WHAT IS REQUIRED> Reproduce the whole listing word for word. Leave every image out.

DATA>
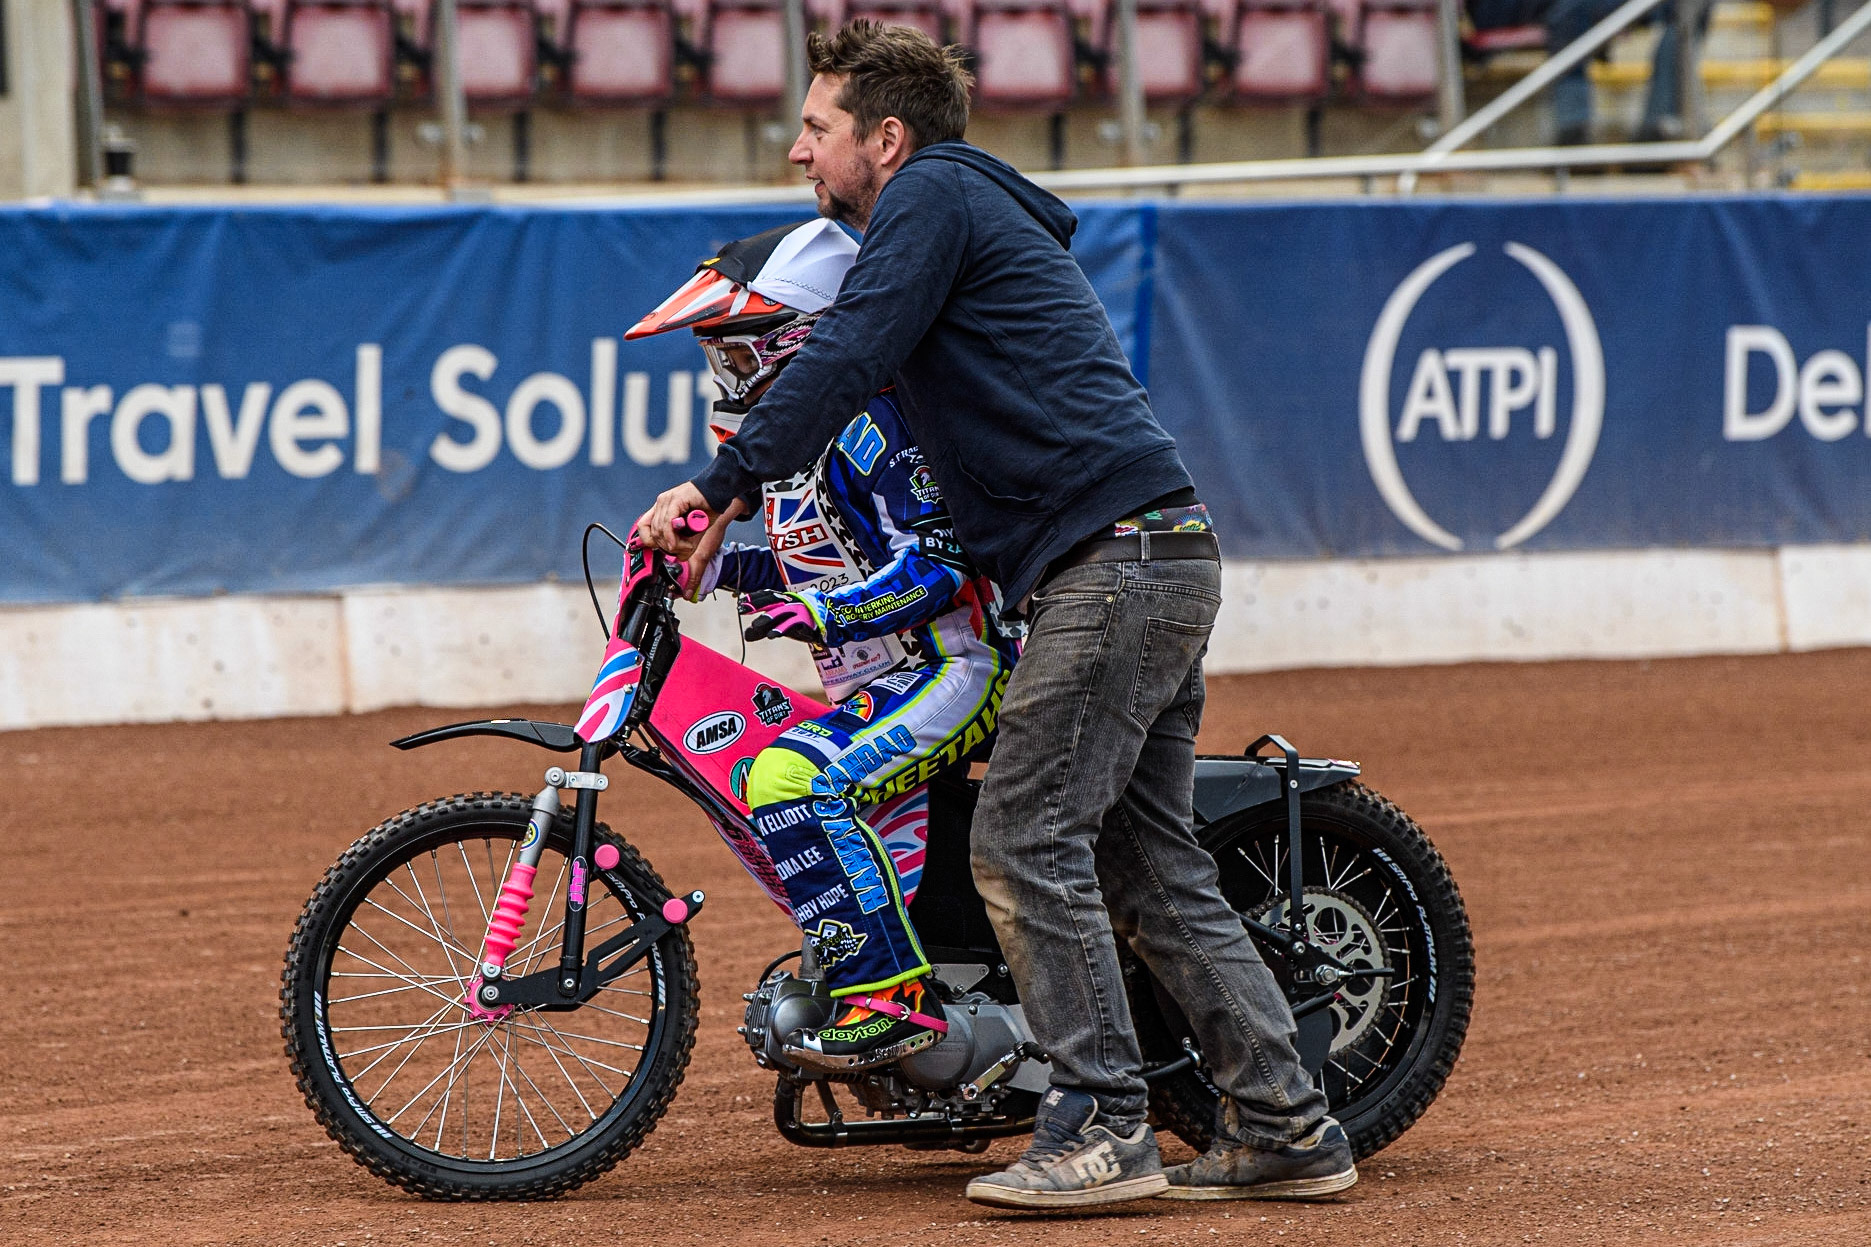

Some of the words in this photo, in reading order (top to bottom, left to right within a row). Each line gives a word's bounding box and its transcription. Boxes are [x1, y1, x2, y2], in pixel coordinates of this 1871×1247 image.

[1397, 346, 1558, 442] ATPI
[1723, 320, 1871, 442] De
[0, 344, 382, 486] Travel
[916, 486, 941, 497] TITAN
[925, 537, 944, 549] BY
[875, 588, 925, 615] MAINTENANCE
[759, 701, 790, 720] TITANS
[696, 717, 737, 749] AMSA
[765, 804, 812, 834] ELLIOTT
[797, 846, 824, 869] LEE
[816, 884, 849, 911] HOPE
[315, 1020, 344, 1084] PLATINUM
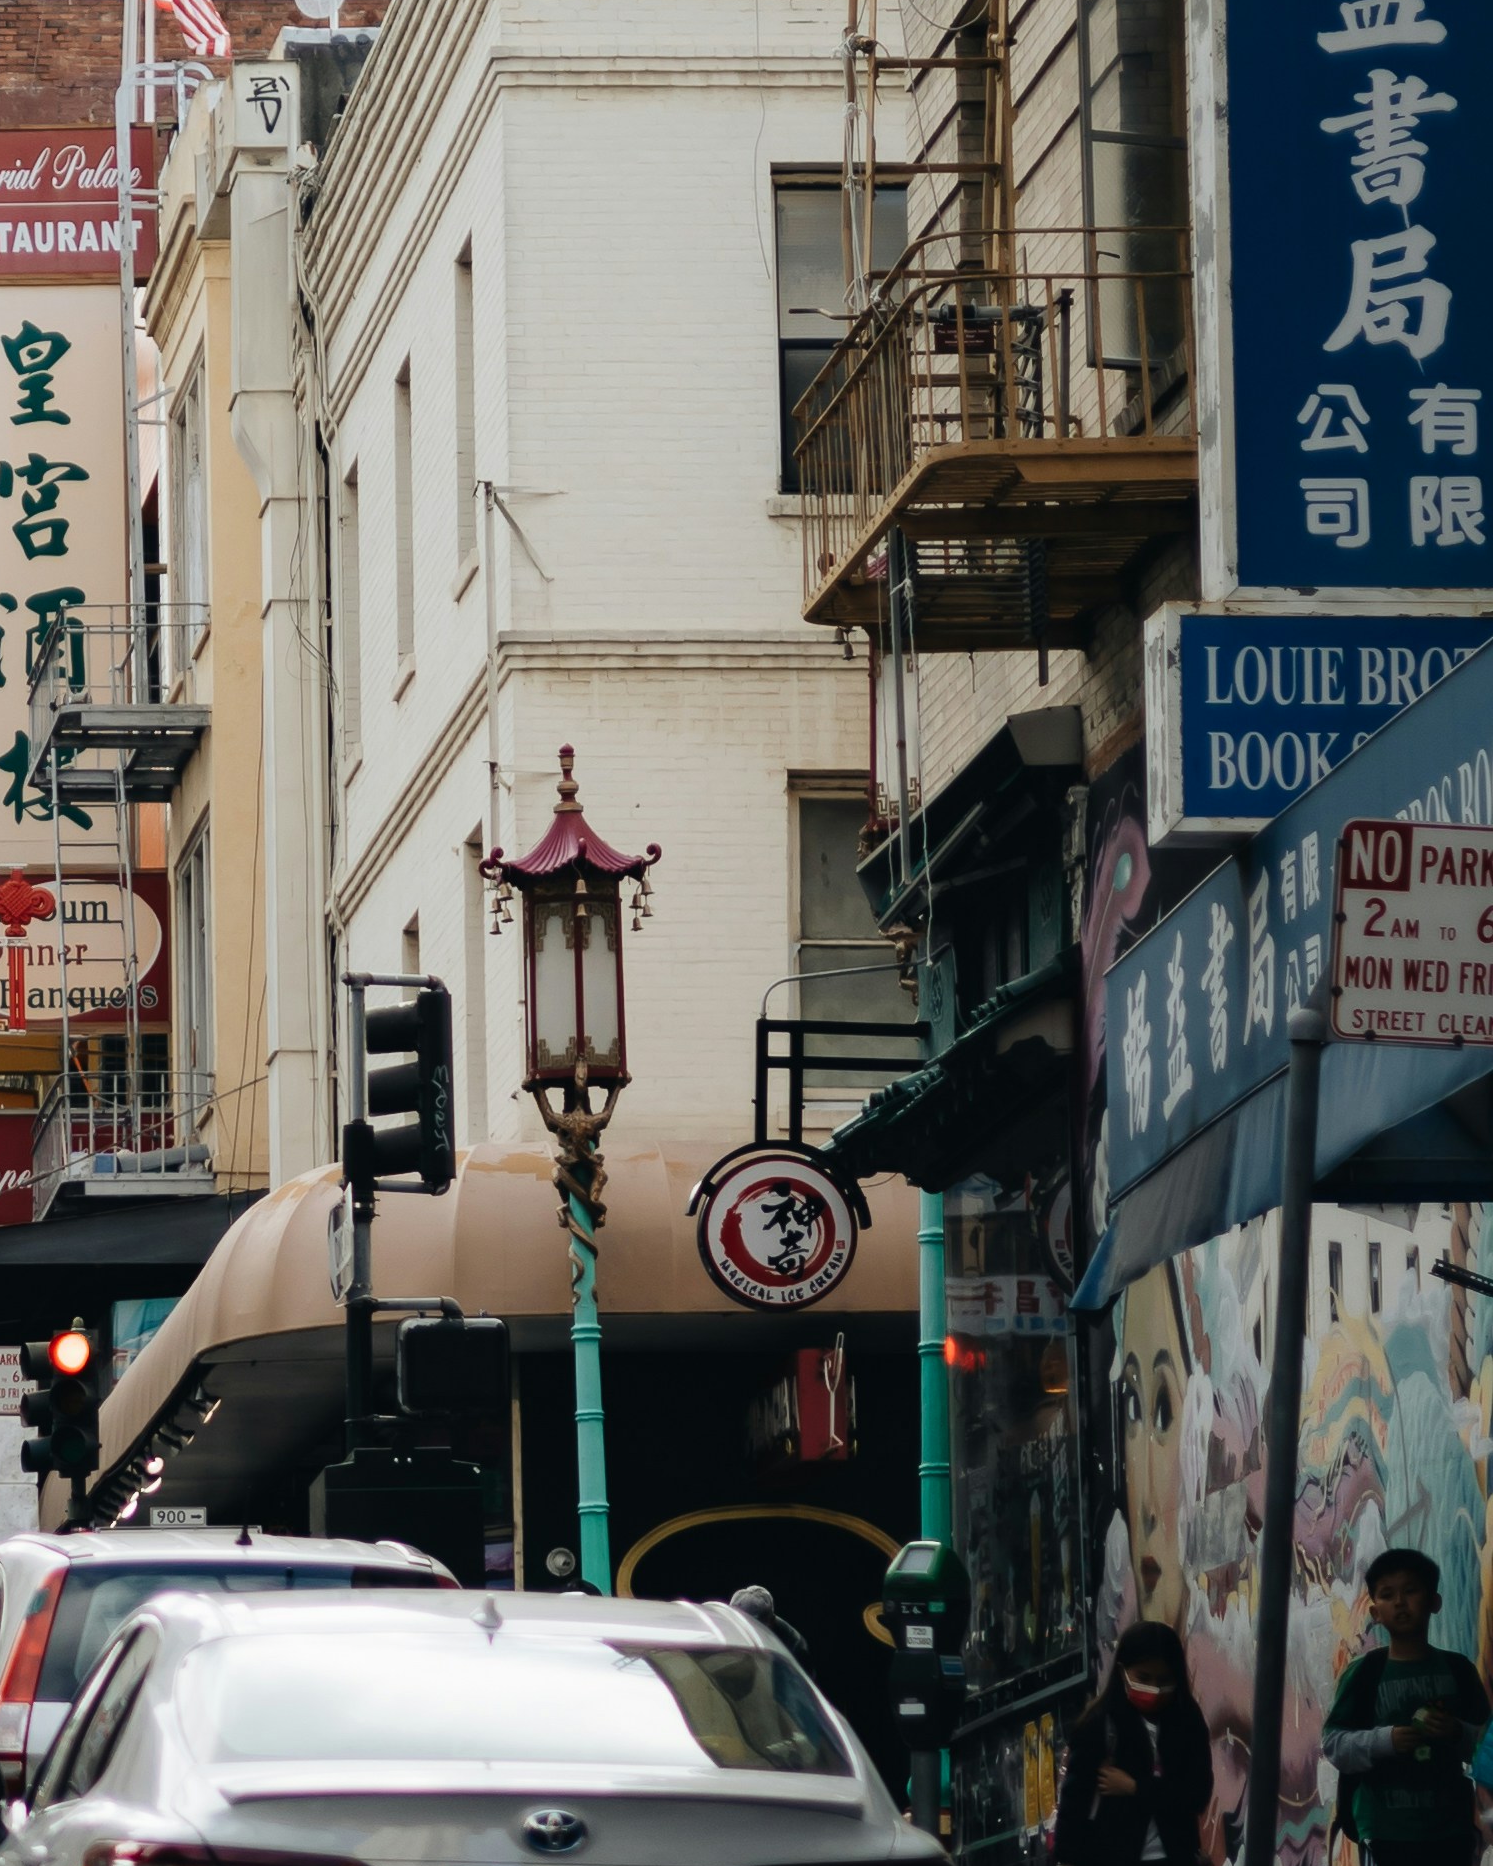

OUTPUT OF THE TASK>
Some of the words in this photo, in reading order (top to bottom, left to right within a row). Each line gives a word's bounding box and its transcription. Boxes are [x1, y1, x2, y2], in pixel coordinates of this 1871×1247 image.

[1397, 346, 1558, 442] ATPI
[1723, 320, 1871, 442] De
[0, 344, 382, 486] Travel
[916, 486, 941, 497] TITAN
[925, 537, 944, 549] BY
[875, 588, 925, 615] MAINTENANCE
[759, 701, 790, 720] TITANS
[696, 717, 737, 749] AMSA
[765, 804, 812, 834] ELLIOTT
[797, 846, 824, 869] LEE
[816, 884, 849, 911] HOPE
[315, 1020, 344, 1084] PLATINUM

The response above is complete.